If an entry holds an image, leave that image out and transcribe everything else exactly.

········

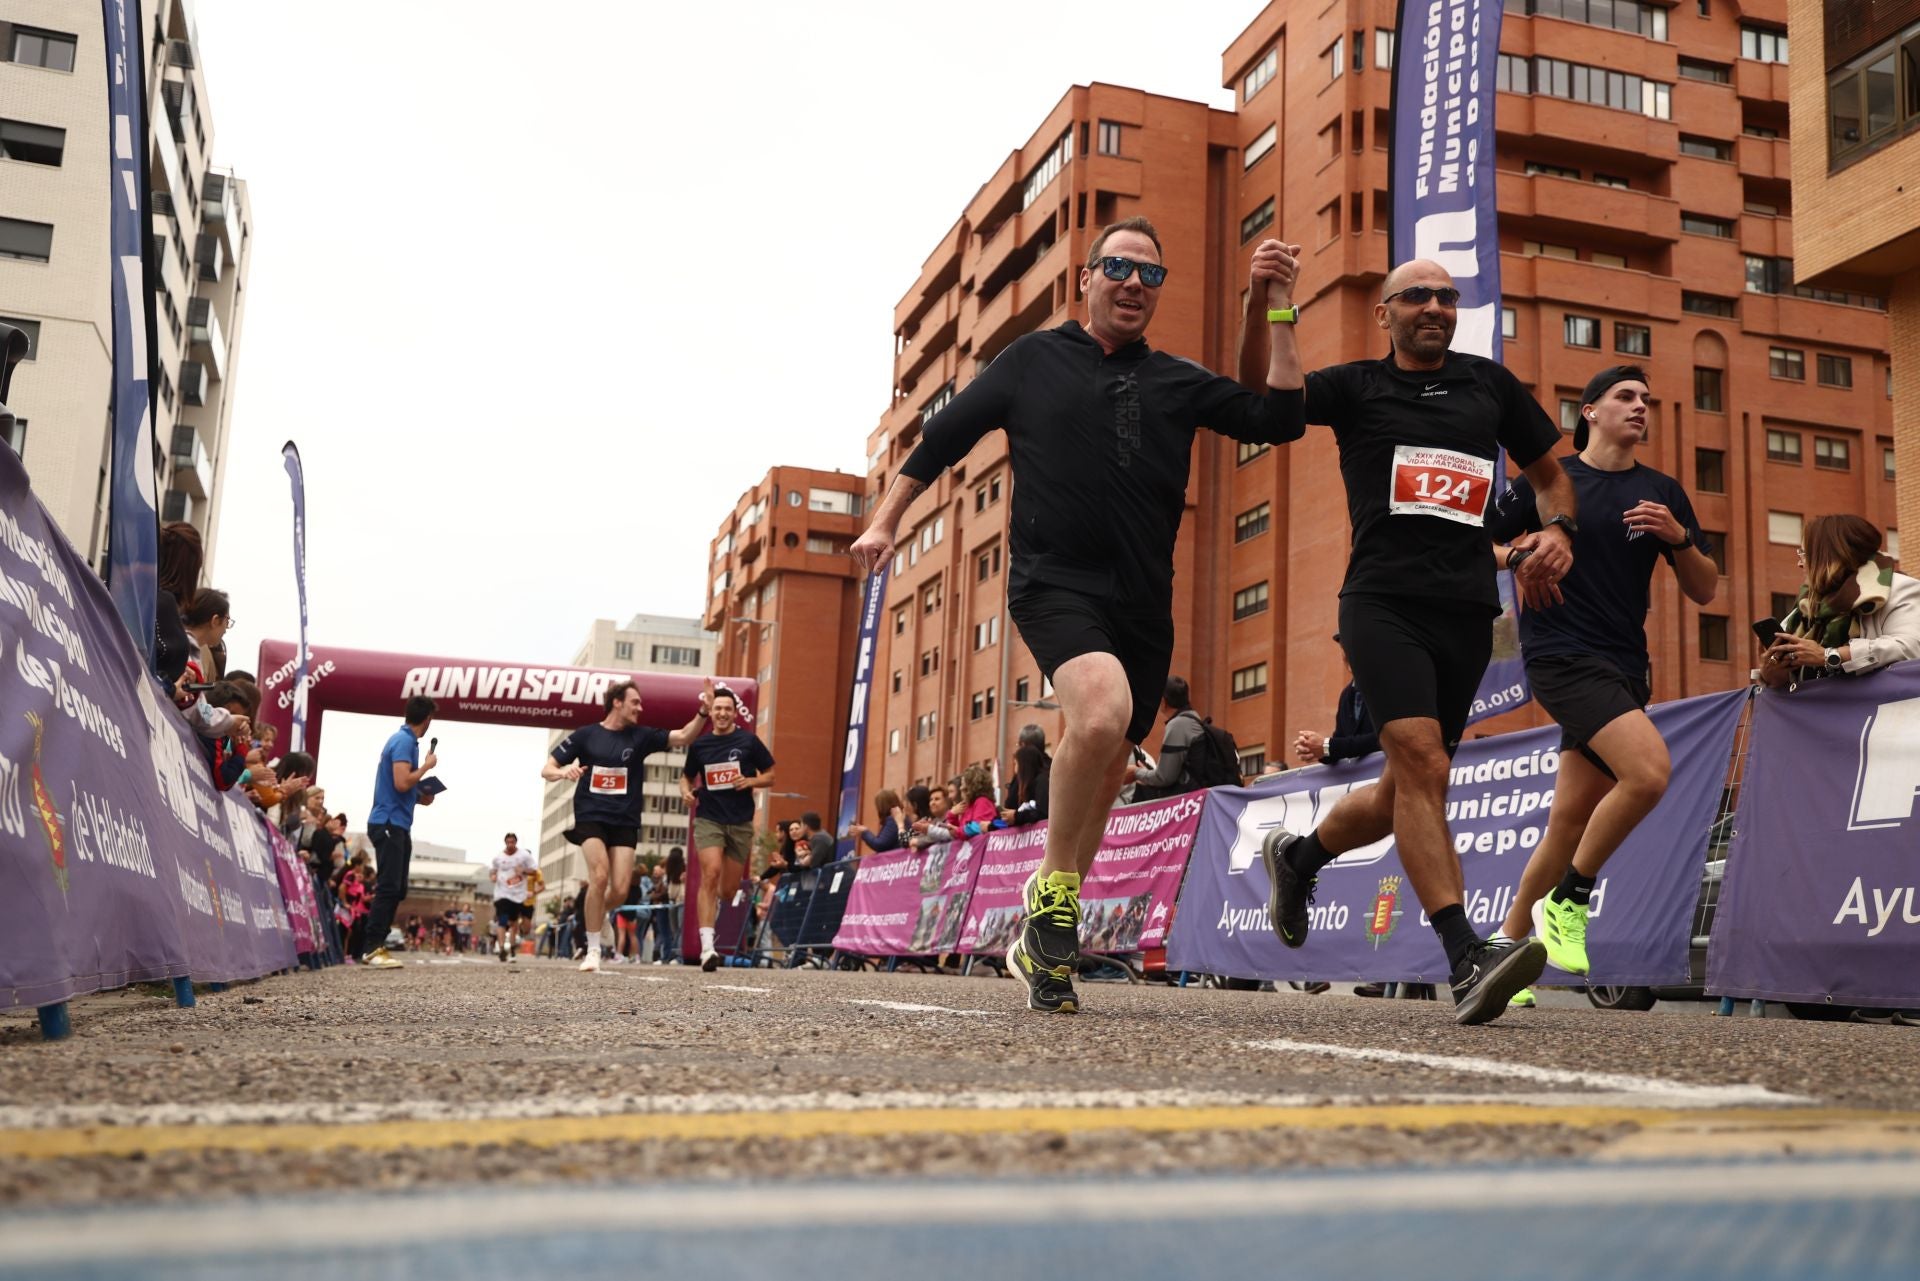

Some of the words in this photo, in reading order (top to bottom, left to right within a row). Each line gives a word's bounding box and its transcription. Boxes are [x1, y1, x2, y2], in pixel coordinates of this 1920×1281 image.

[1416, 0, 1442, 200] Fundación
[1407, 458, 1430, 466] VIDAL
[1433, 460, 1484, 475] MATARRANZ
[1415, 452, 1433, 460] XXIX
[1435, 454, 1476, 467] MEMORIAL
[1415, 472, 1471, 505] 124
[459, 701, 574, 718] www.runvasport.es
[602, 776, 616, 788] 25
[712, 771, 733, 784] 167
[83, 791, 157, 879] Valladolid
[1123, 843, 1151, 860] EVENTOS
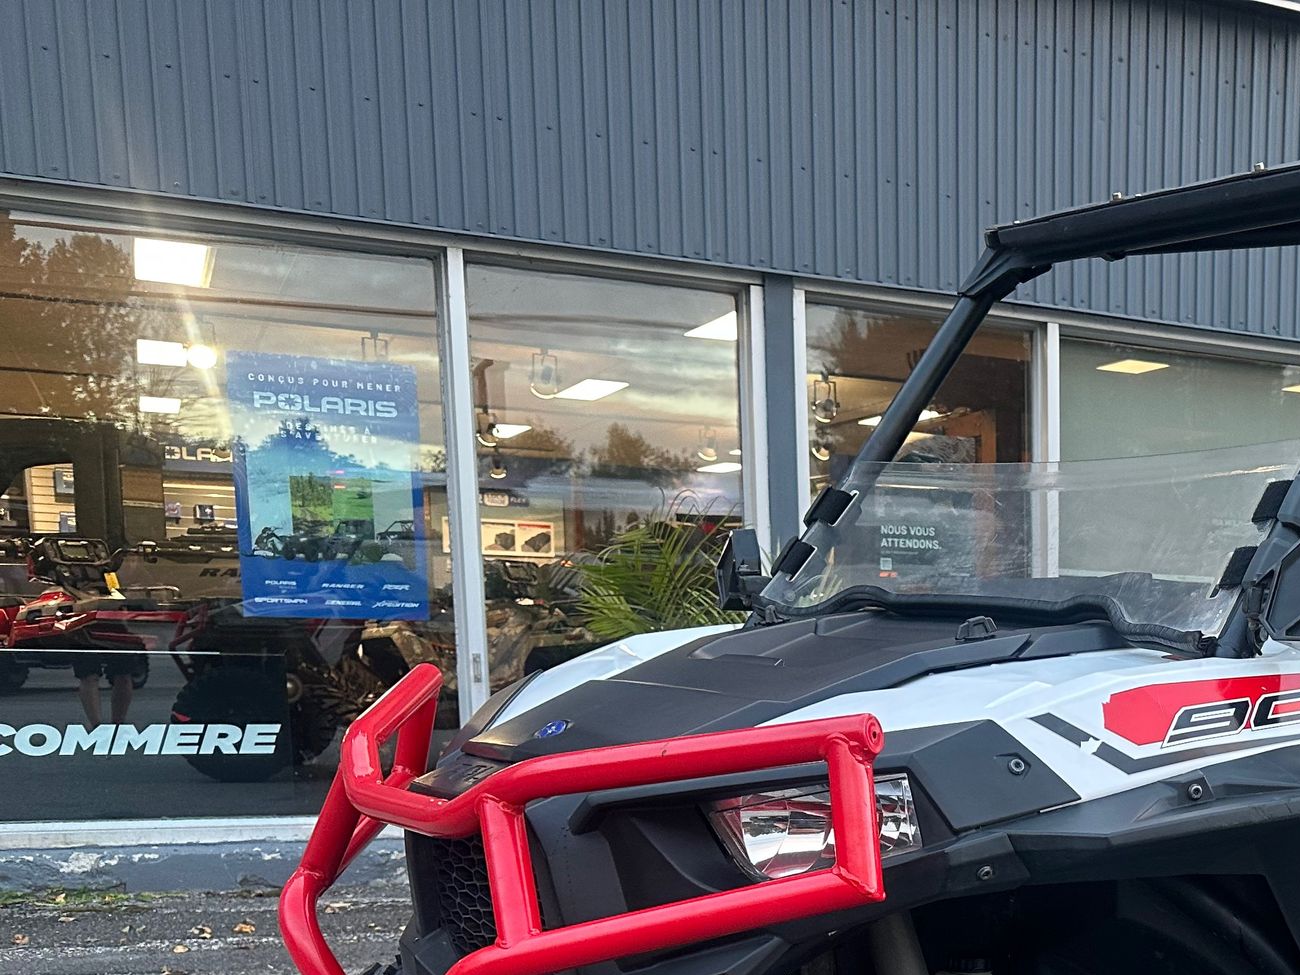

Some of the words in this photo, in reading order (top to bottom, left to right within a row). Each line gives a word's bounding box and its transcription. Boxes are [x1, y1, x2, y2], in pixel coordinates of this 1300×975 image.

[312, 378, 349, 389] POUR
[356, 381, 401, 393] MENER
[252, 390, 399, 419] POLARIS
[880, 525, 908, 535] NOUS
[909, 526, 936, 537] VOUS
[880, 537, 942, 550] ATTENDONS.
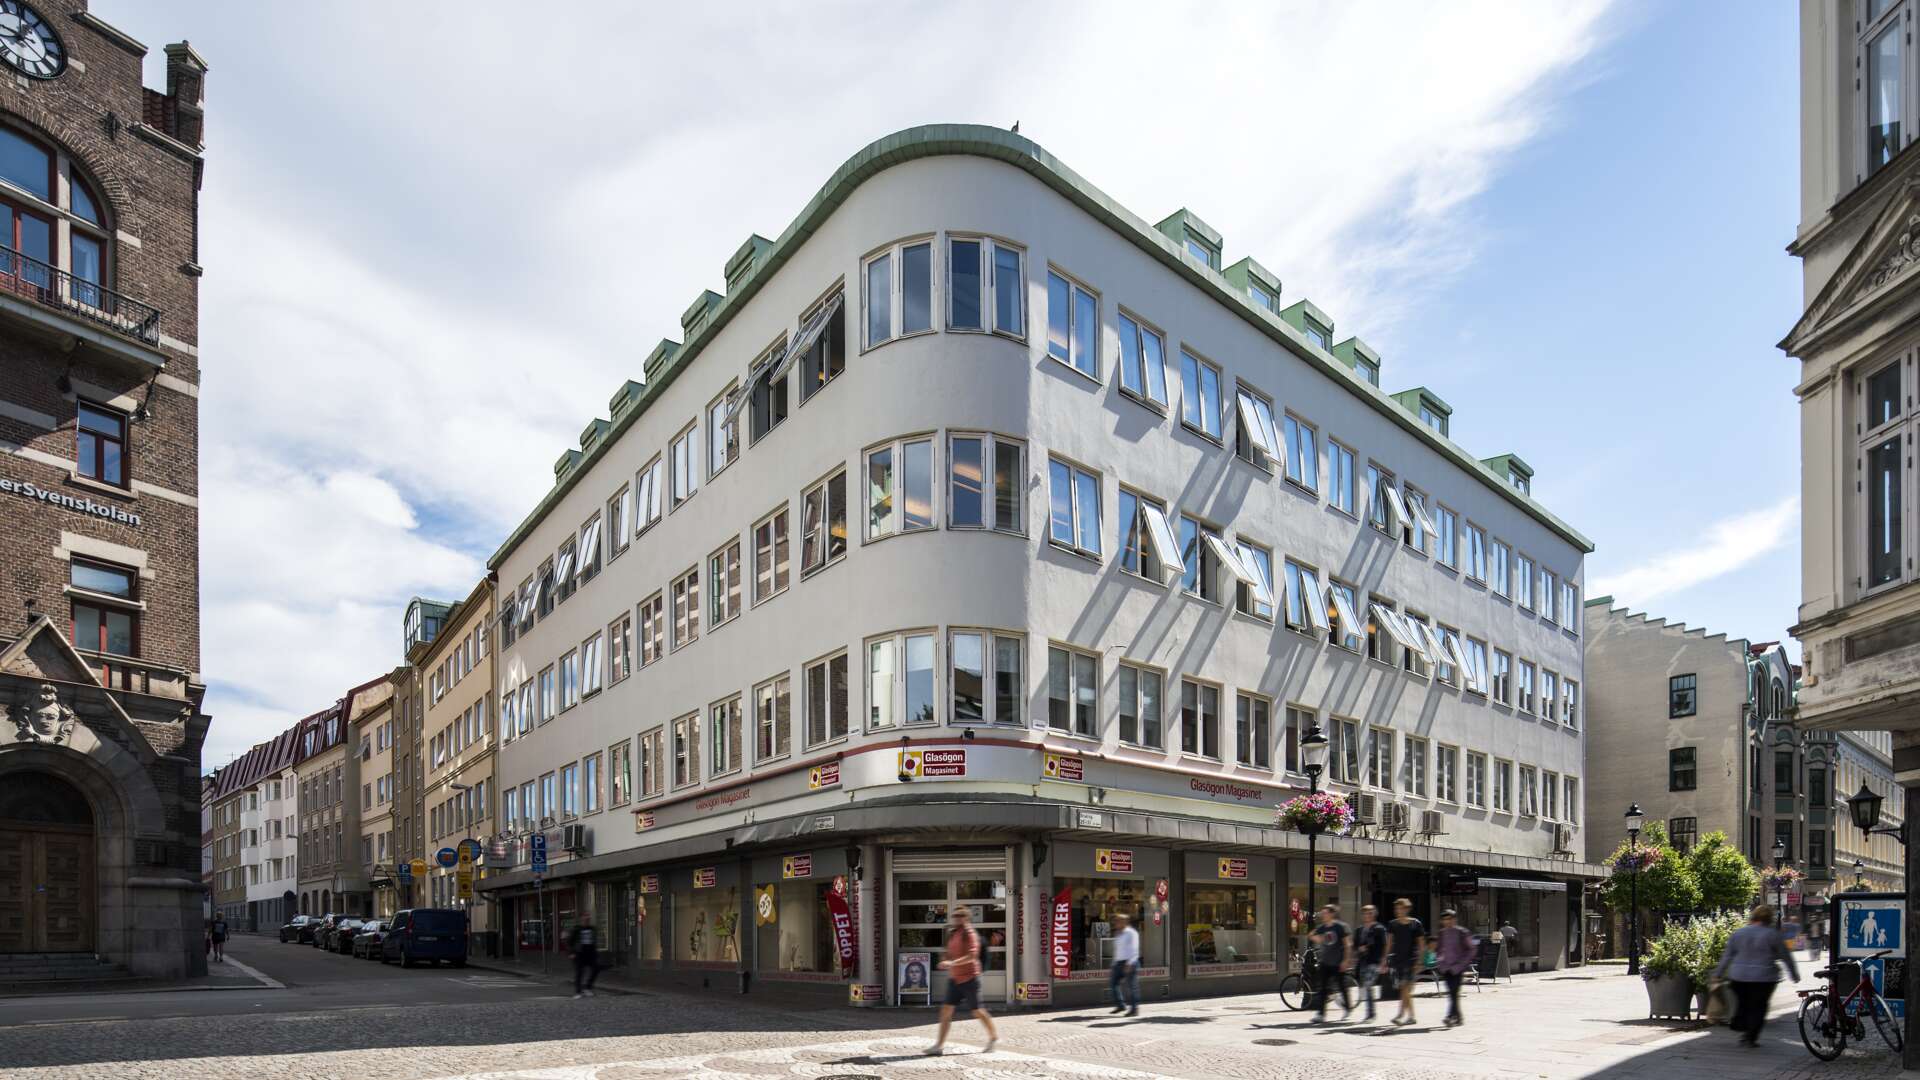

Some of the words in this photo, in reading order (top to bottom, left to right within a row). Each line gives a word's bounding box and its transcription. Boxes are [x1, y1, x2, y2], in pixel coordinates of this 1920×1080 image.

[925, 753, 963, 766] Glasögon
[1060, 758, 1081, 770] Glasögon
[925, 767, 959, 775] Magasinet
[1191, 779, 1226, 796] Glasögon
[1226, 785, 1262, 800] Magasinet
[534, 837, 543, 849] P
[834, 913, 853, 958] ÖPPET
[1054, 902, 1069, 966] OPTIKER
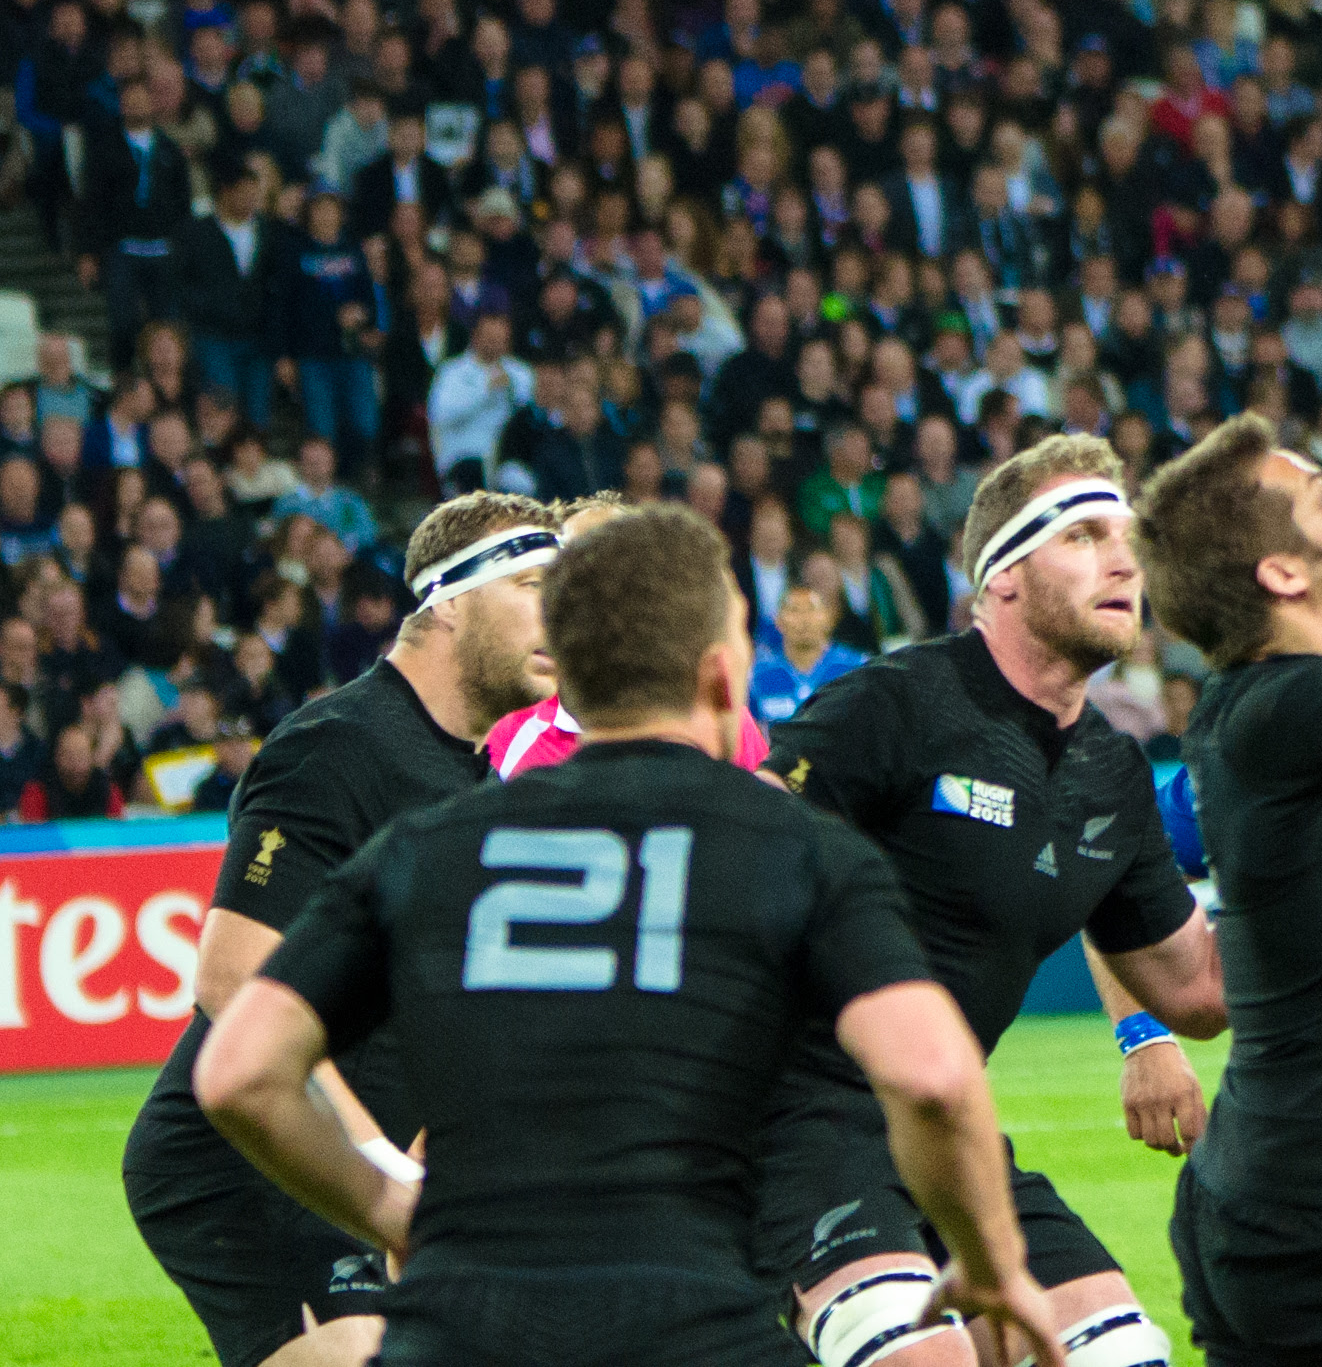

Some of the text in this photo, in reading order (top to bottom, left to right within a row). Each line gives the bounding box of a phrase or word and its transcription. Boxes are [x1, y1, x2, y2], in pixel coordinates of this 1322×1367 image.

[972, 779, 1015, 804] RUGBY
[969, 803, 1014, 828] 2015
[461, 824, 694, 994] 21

········

Exercise solution:
Some of the words in this photo, in reading order (top to bottom, left to right within a row). Each line gives a word's bounding box and its transcription. Boxes are [x1, y1, x2, y2], in pixel coordinates of this 1920×1281 image.

[1416, 0, 1442, 200] Fundación
[1407, 458, 1430, 466] VIDAL
[1433, 460, 1484, 475] MATARRANZ
[1415, 452, 1433, 460] XXIX
[1435, 454, 1476, 467] MEMORIAL
[1415, 472, 1471, 505] 124
[459, 701, 574, 718] www.runvasport.es
[602, 776, 616, 788] 25
[712, 771, 733, 784] 167
[83, 791, 157, 879] Valladolid
[1123, 843, 1151, 860] EVENTOS

Some of the words in this photo, in reading order (top to bottom, left to right within a row). Each line gives a word's bounding box and its transcription. Boxes are [x1, y1, x2, y2], in pixel coordinates of this 1300×975 image.

[312, 378, 349, 389] POUR
[356, 381, 401, 393] MENER
[252, 390, 399, 419] POLARIS
[880, 525, 908, 535] NOUS
[909, 526, 936, 537] VOUS
[880, 537, 942, 550] ATTENDONS.

Some of the words in this photo, in reading order (top to bottom, left to right within a row). Each line gives a word's bounding box and its transcription. Boxes are [x1, y1, x2, y2], in pixel coordinates of this 1920×1080 image.

[925, 753, 963, 766] Glasögon
[1060, 758, 1081, 770] Glasögon
[925, 767, 959, 775] Magasinet
[1191, 779, 1226, 796] Glasögon
[1226, 785, 1262, 800] Magasinet
[534, 837, 543, 849] P
[834, 913, 853, 958] ÖPPET
[1054, 902, 1069, 966] OPTIKER

Some of the text in this photo, in reading order (top to bottom, left to right within a row). Each line gives the bounding box of a phrase or word and its transcription. Boxes are [x1, y1, x2, y2], in pixel coordinates of this 1322×1367 image.

[972, 779, 1015, 804] RUGBY
[969, 803, 1014, 828] 2015
[461, 824, 694, 994] 21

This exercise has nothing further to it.